We really enjoyed to spend four days with him, eating, drinking, laughing....a significant experience. This is what a recording session should always be, not only a work relationship.
Do you play many shows with Uzeda?
Everytime it's possible. We are close friends and their Management "coop Indigena" is also our management. They are unique, great musicians and loveable persons. They help us to grow up and give us the opportunity to play with overseas bands. we are a family and we are proud to be their friends.
Have you played any shows in England/Britain yet? (if not you should)
Not yet, but as for USA we wish we'll be up there soon.
Would you teach me some Italian swear words please? (fuck, shit etc)
Iain Burgess' favourite swear word (not so ugly after all) was ...BASTARDO. absolutely perfect for driving', shows, soccer matches; and so international that everybody from most parts of the planet can get it. Anyway come to Italy if you wish, you'll learn a lot.
What is the music press like in Italy?
very provincial, sometimes they copy what's on the American or UK magazines.

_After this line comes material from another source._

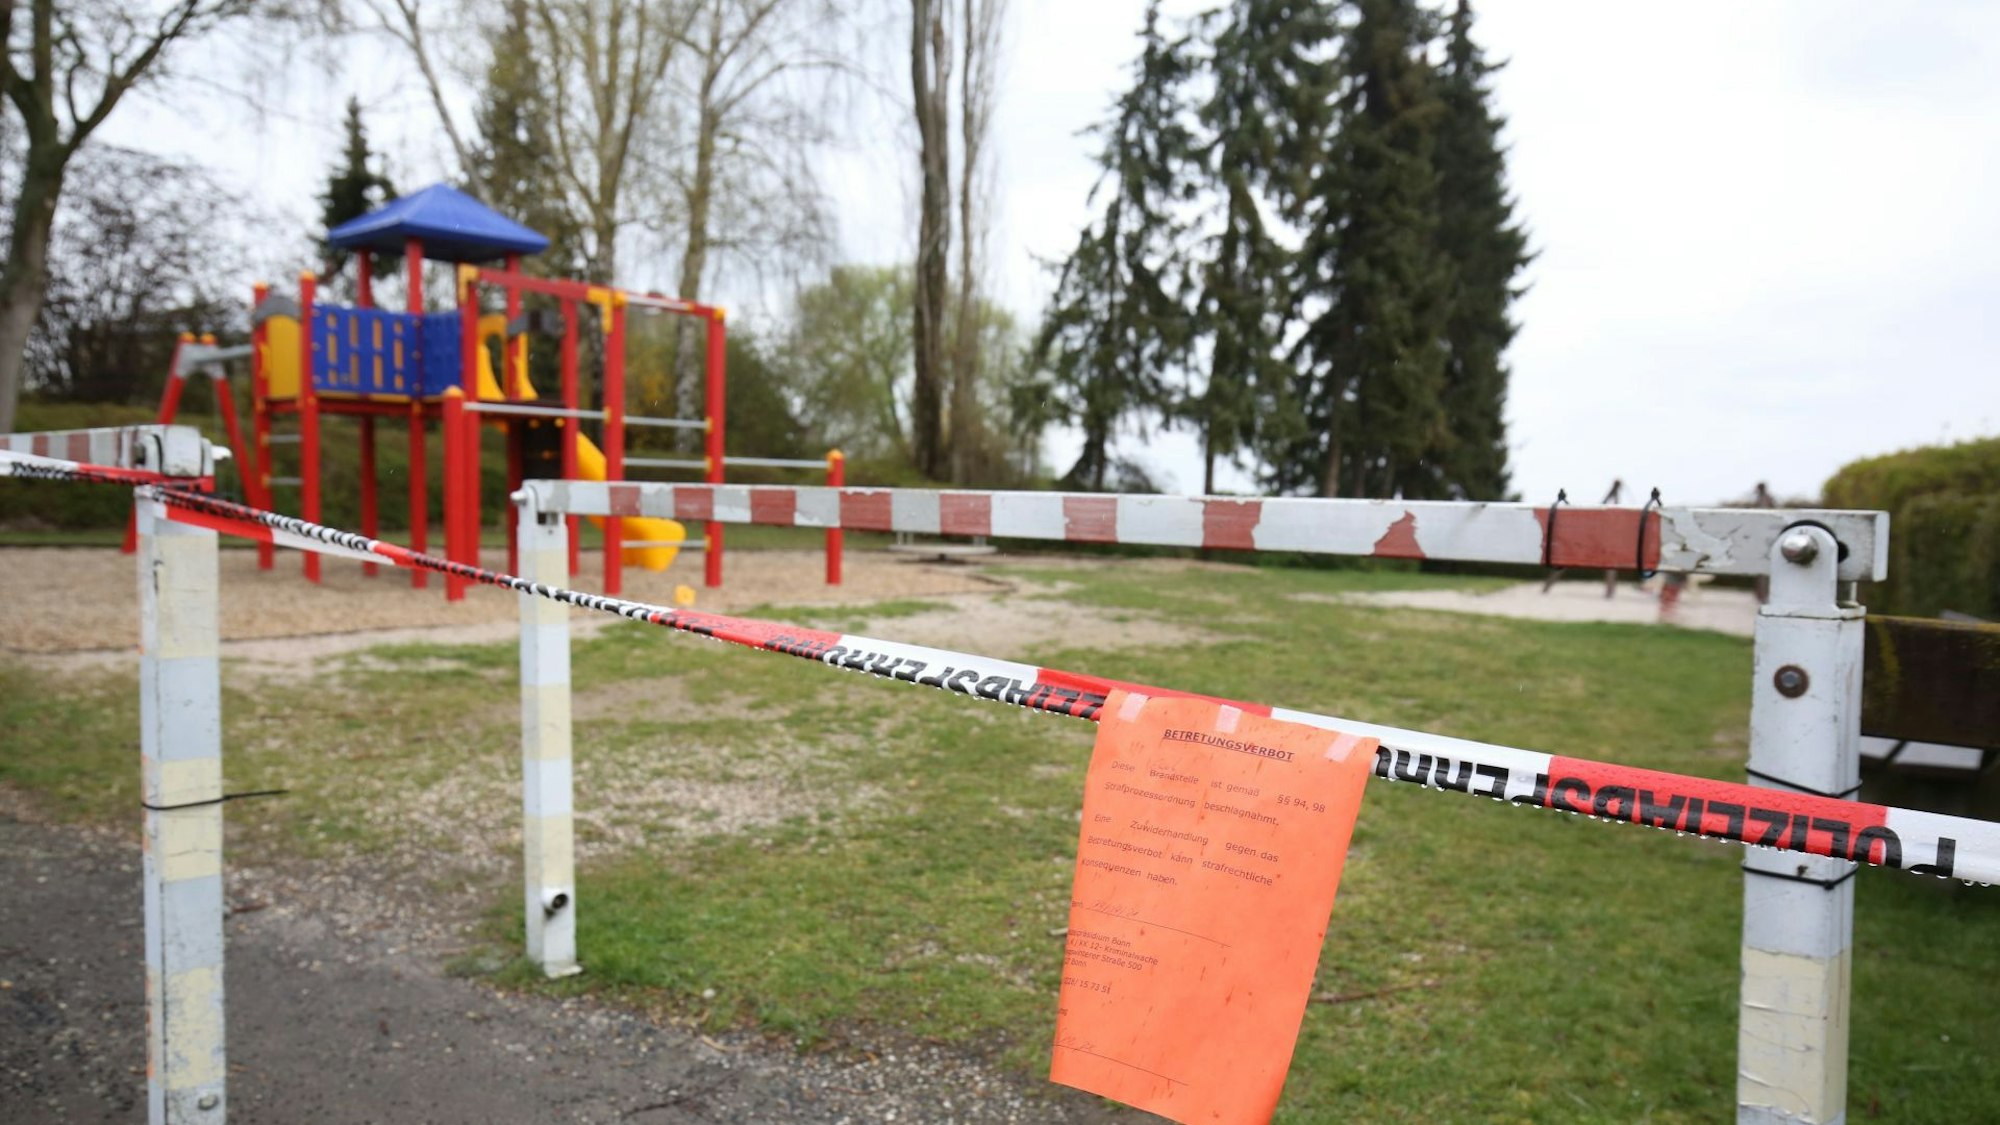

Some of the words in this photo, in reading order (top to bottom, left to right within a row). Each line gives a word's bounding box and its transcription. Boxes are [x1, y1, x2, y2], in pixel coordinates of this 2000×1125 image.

But anyway there are few but intelligent journalists.
Where are you now?
We're in Bologna. Trying' to transform the hot humid air into good vibrations for new songs.
What is the happiest event you have ever witnessed?
What a question! Musical event? Probably June of '44 show in Florence.
Favourite album of all time?
No, don't ask us to make a selection!'s impossible to us...we like Gang of Four, Pere Ubu, Devo, Red Crayola, Bastro, Brainiac, Gastr del Sol, Fugazi, Slint, Shellac.....and many others, too many.
Who is your favourite Simpsons character?
Massimo: Santa's Little Helper, absolutely!
Lorenzo: Itchy and Scratchy (Italian version is: Grattachecca e Fichetto!!!!)
Have you got any future releases planned?
After a long period plenty of events, we're now planning rehearsal sessions, trying to set some new stuff for a third work (maybe in 1999), and maybe a split with other bands.